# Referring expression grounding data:
Start of Block
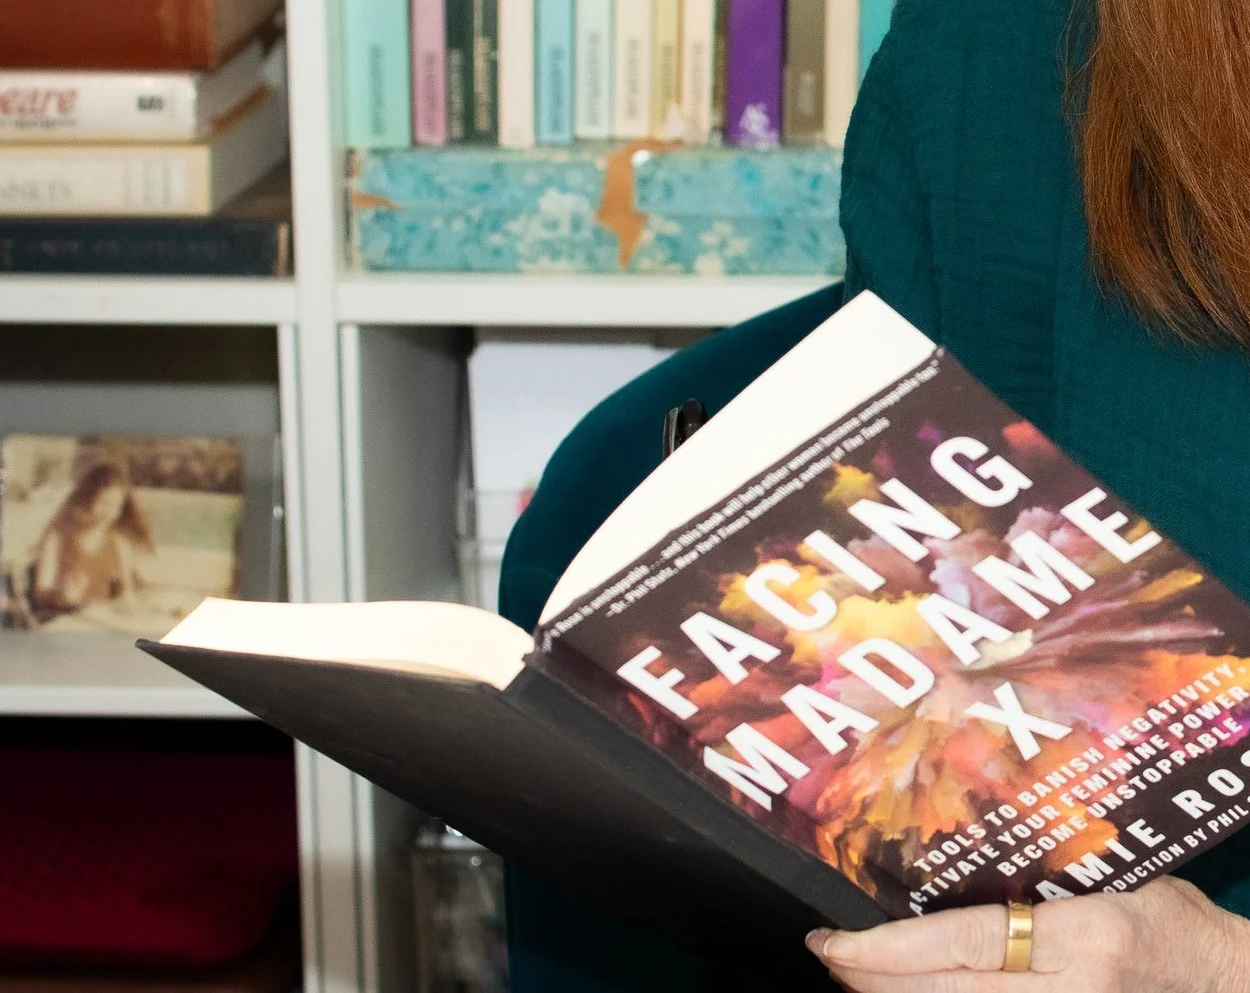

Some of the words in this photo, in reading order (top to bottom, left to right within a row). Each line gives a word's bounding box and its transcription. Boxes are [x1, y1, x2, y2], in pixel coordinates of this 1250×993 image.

[554, 612, 584, 634] Rose
[579, 605, 595, 617] is
[590, 565, 650, 610] unstoppable
[660, 540, 683, 559] and
[676, 528, 703, 547] this
[696, 512, 726, 534] book
[721, 497, 745, 517] will
[737, 484, 765, 505] help
[760, 466, 791, 489] other
[786, 441, 825, 471] women
[818, 416, 862, 448] become
[857, 377, 921, 423] unstoppable
[616, 436, 1034, 720] FACING
[624, 583, 650, 604] Phil
[674, 549, 700, 570] New
[694, 534, 723, 554] York
[717, 514, 751, 540] Times
[745, 477, 805, 520] bestselling
[799, 456, 834, 483] author
[830, 446, 846, 461] of
[841, 434, 866, 453] The
[859, 416, 891, 440] Tools
[703, 487, 1163, 812] MADAME
[965, 681, 1073, 761] X
[909, 843, 1000, 917] ACTIVATE
[997, 804, 1061, 847] YOUR
[1058, 734, 1170, 808] FEMININE
[913, 823, 987, 873] TOOLS
[984, 804, 1018, 827] TO
[1016, 747, 1105, 807] BANISH
[1102, 661, 1247, 751] NEGATIVITY,
[996, 814, 1088, 877] BECOME
[1086, 716, 1244, 819] UNSTOPPABLE
[1035, 818, 1166, 901] AMIE
[1103, 843, 1185, 894] ODUCTION
[1183, 827, 1208, 848] BY
[1207, 803, 1249, 834] PHIL
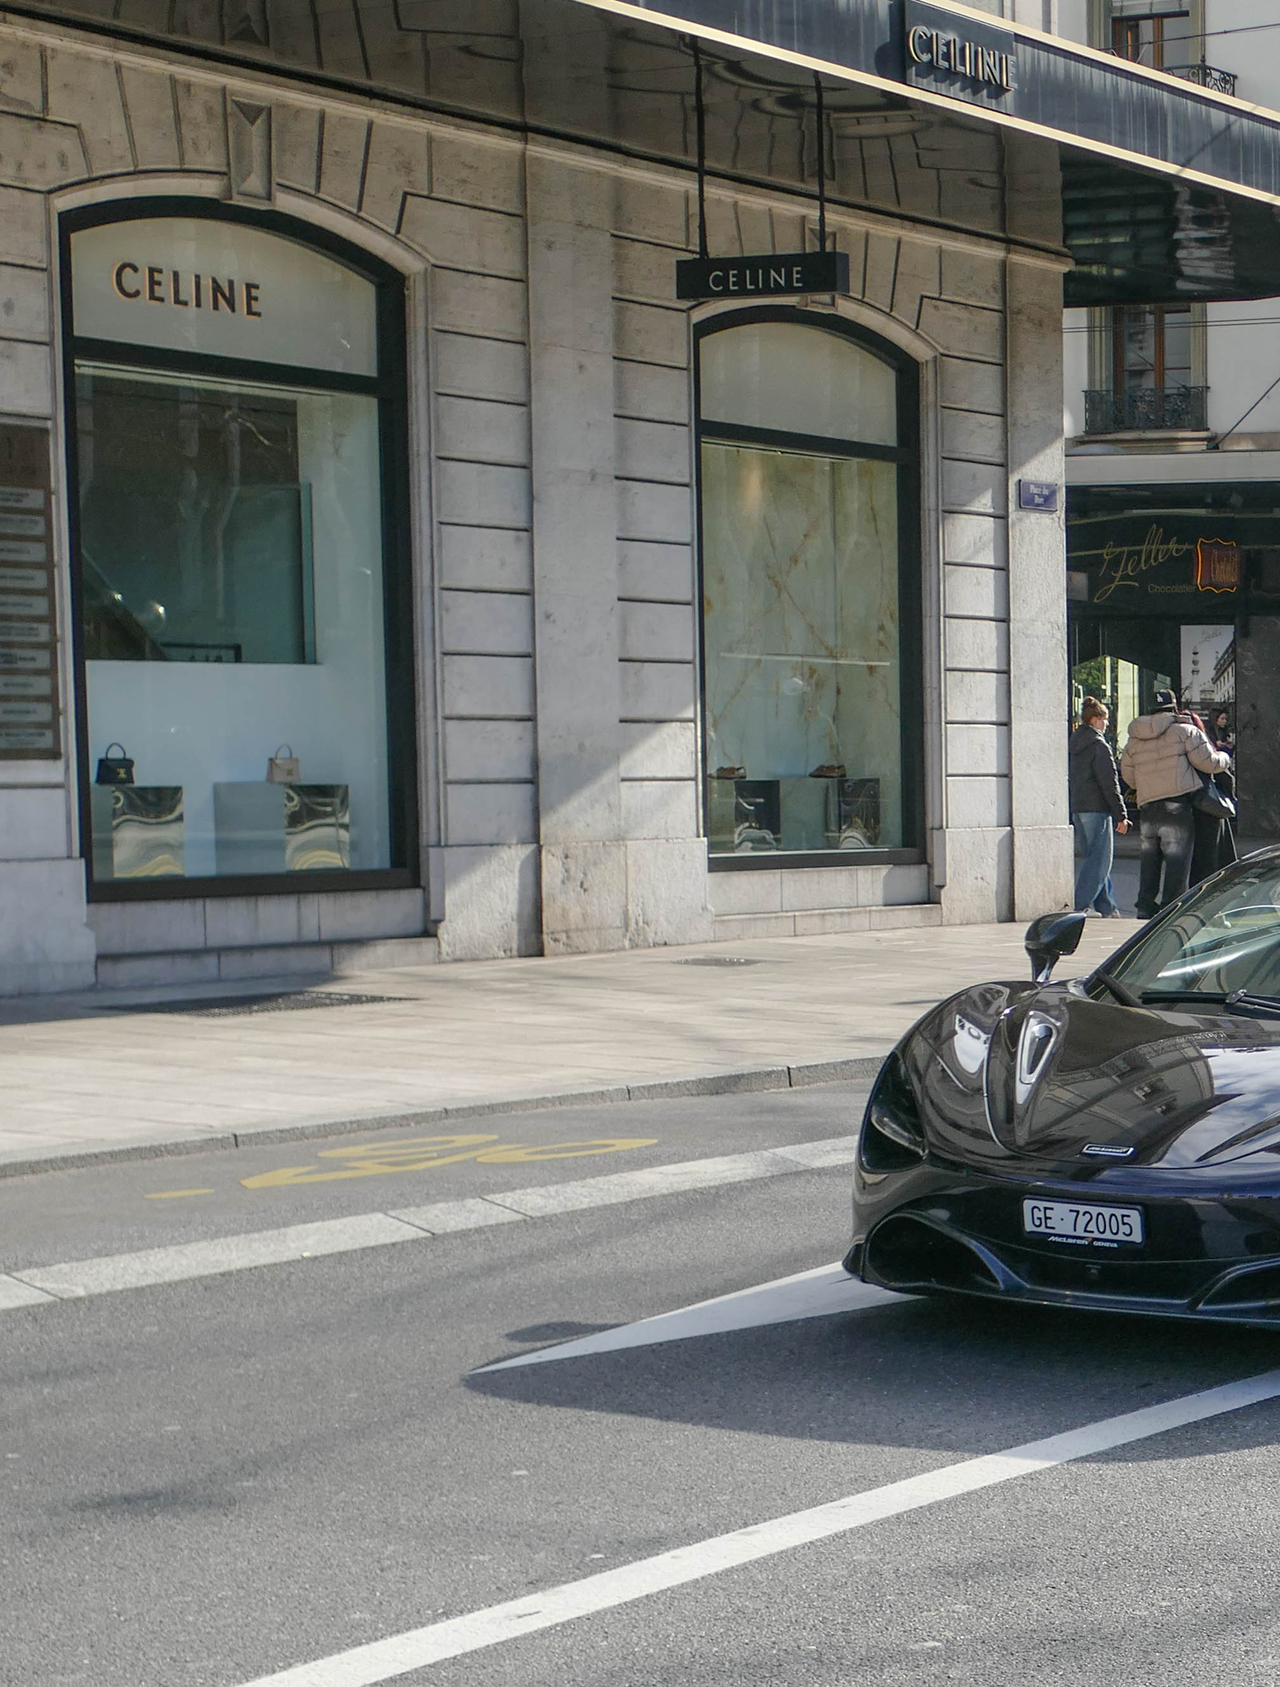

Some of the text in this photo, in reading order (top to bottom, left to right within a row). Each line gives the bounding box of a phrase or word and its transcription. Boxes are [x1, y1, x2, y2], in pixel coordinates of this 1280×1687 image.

[908, 25, 1018, 91] CELINE
[112, 261, 262, 317] CELINE
[709, 266, 803, 291] CELINE
[1031, 1205, 1134, 1237] GE 72005
[1048, 1235, 1089, 1245] McLaren
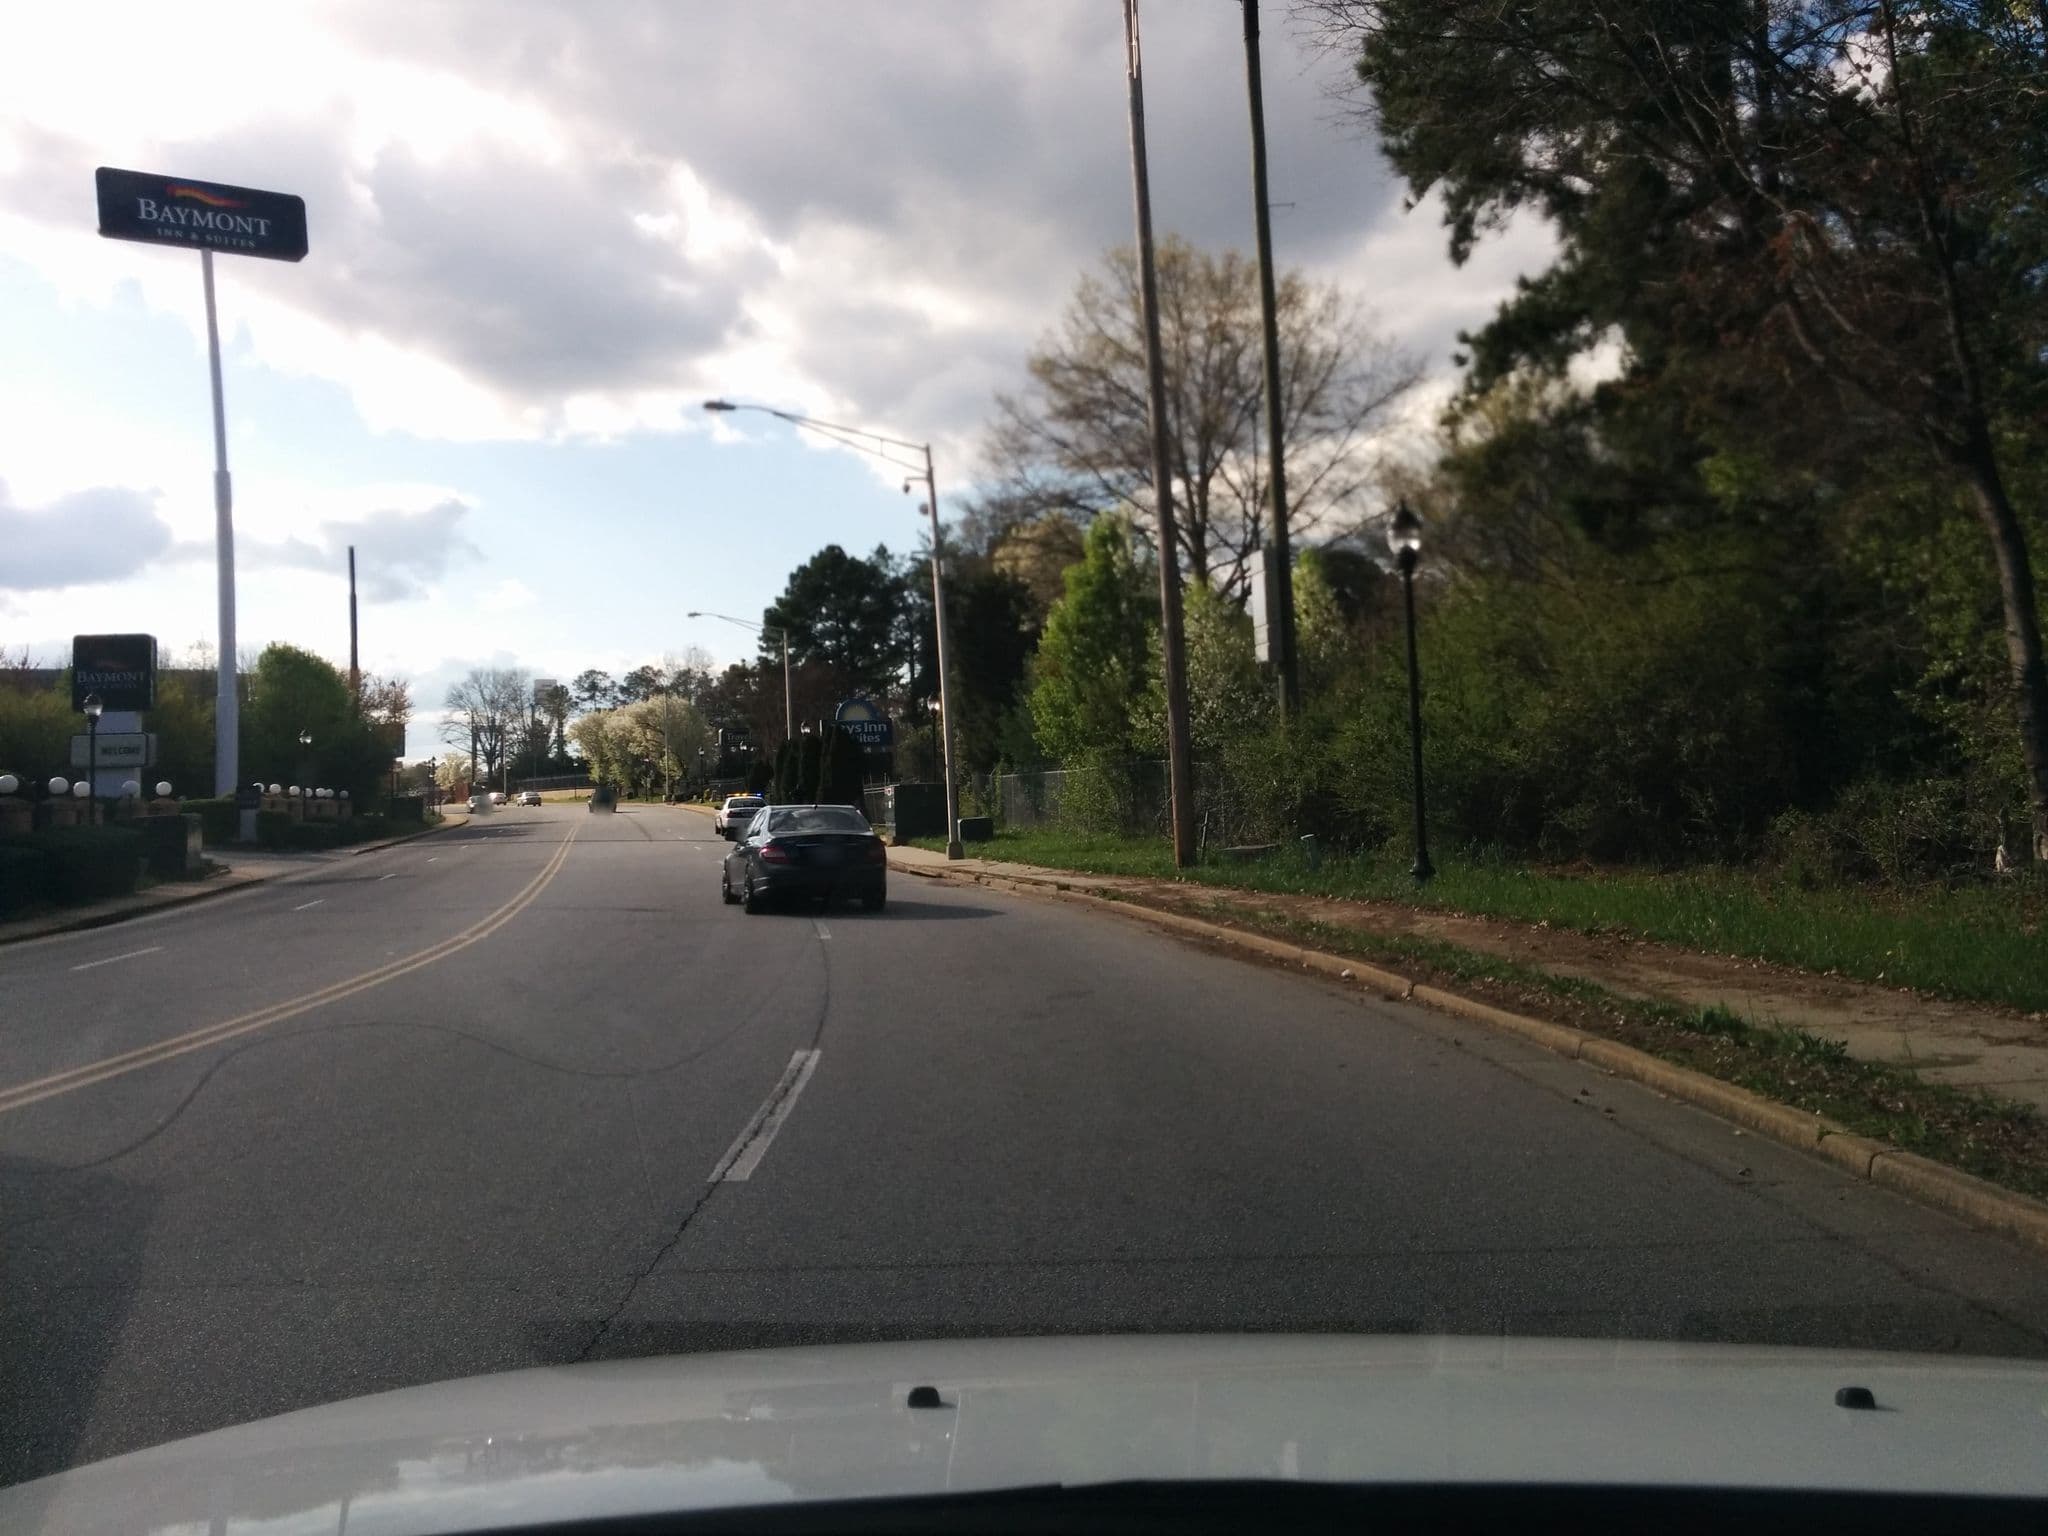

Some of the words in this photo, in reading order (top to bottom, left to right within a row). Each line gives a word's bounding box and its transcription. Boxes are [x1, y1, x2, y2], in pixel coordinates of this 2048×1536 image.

[136, 197, 271, 236] BAYMONT
[205, 233, 256, 248] SUITES
[863, 722, 887, 732] Inn
End of Block
# What is required:
Every record gets retyped exactly; no picture goes into the copy.

# Result:
Some of the words in this photo, in reading order (top to bottom, left to right within a row). Each line gives a word's bounding box and its transcription. Boxes are [x1, y1, x2, y2], in pixel coordinates of this 1250×993 image.

[554, 612, 584, 634] Rose
[579, 605, 595, 617] is
[590, 565, 650, 610] unstoppable
[660, 540, 683, 559] and
[676, 528, 703, 547] this
[696, 512, 726, 534] book
[721, 497, 745, 517] will
[737, 484, 765, 505] help
[760, 466, 791, 489] other
[786, 441, 825, 471] women
[818, 416, 862, 448] become
[857, 377, 921, 423] unstoppable
[616, 436, 1034, 720] FACING
[624, 583, 650, 604] Phil
[674, 549, 700, 570] New
[694, 534, 723, 554] York
[717, 514, 751, 540] Times
[745, 477, 805, 520] bestselling
[799, 456, 834, 483] author
[830, 446, 846, 461] of
[841, 434, 866, 453] The
[859, 416, 891, 440] Tools
[703, 487, 1163, 812] MADAME
[965, 681, 1073, 761] X
[909, 843, 1000, 917] ACTIVATE
[997, 804, 1061, 847] YOUR
[1058, 734, 1170, 808] FEMININE
[913, 823, 987, 873] TOOLS
[984, 804, 1018, 827] TO
[1016, 747, 1105, 807] BANISH
[1102, 661, 1247, 751] NEGATIVITY,
[996, 814, 1088, 877] BECOME
[1086, 716, 1244, 819] UNSTOPPABLE
[1035, 818, 1166, 901] AMIE
[1103, 843, 1185, 894] ODUCTION
[1183, 827, 1208, 848] BY
[1207, 803, 1249, 834] PHIL

Some of the text in this photo, in reading order (top to bottom, left to right within a row). Each line gives the bounding box of a phrase or word and its transcription. Boxes are [x1, y1, x2, y2], in pixel coordinates of this 1280×1687 image.

[908, 25, 1018, 91] CELINE
[112, 261, 262, 317] CELINE
[709, 266, 803, 291] CELINE
[1031, 1205, 1134, 1237] GE 72005
[1048, 1235, 1089, 1245] McLaren

Some of the words in this photo, in reading order (top to bottom, left to right within a row). Each line gives a word's bounding box and its transcription. Boxes are [x1, y1, x2, y2], in pixel coordinates of this 2048×1536 image.

[136, 197, 271, 236] BAYMONT
[205, 233, 256, 248] SUITES
[863, 722, 887, 732] Inn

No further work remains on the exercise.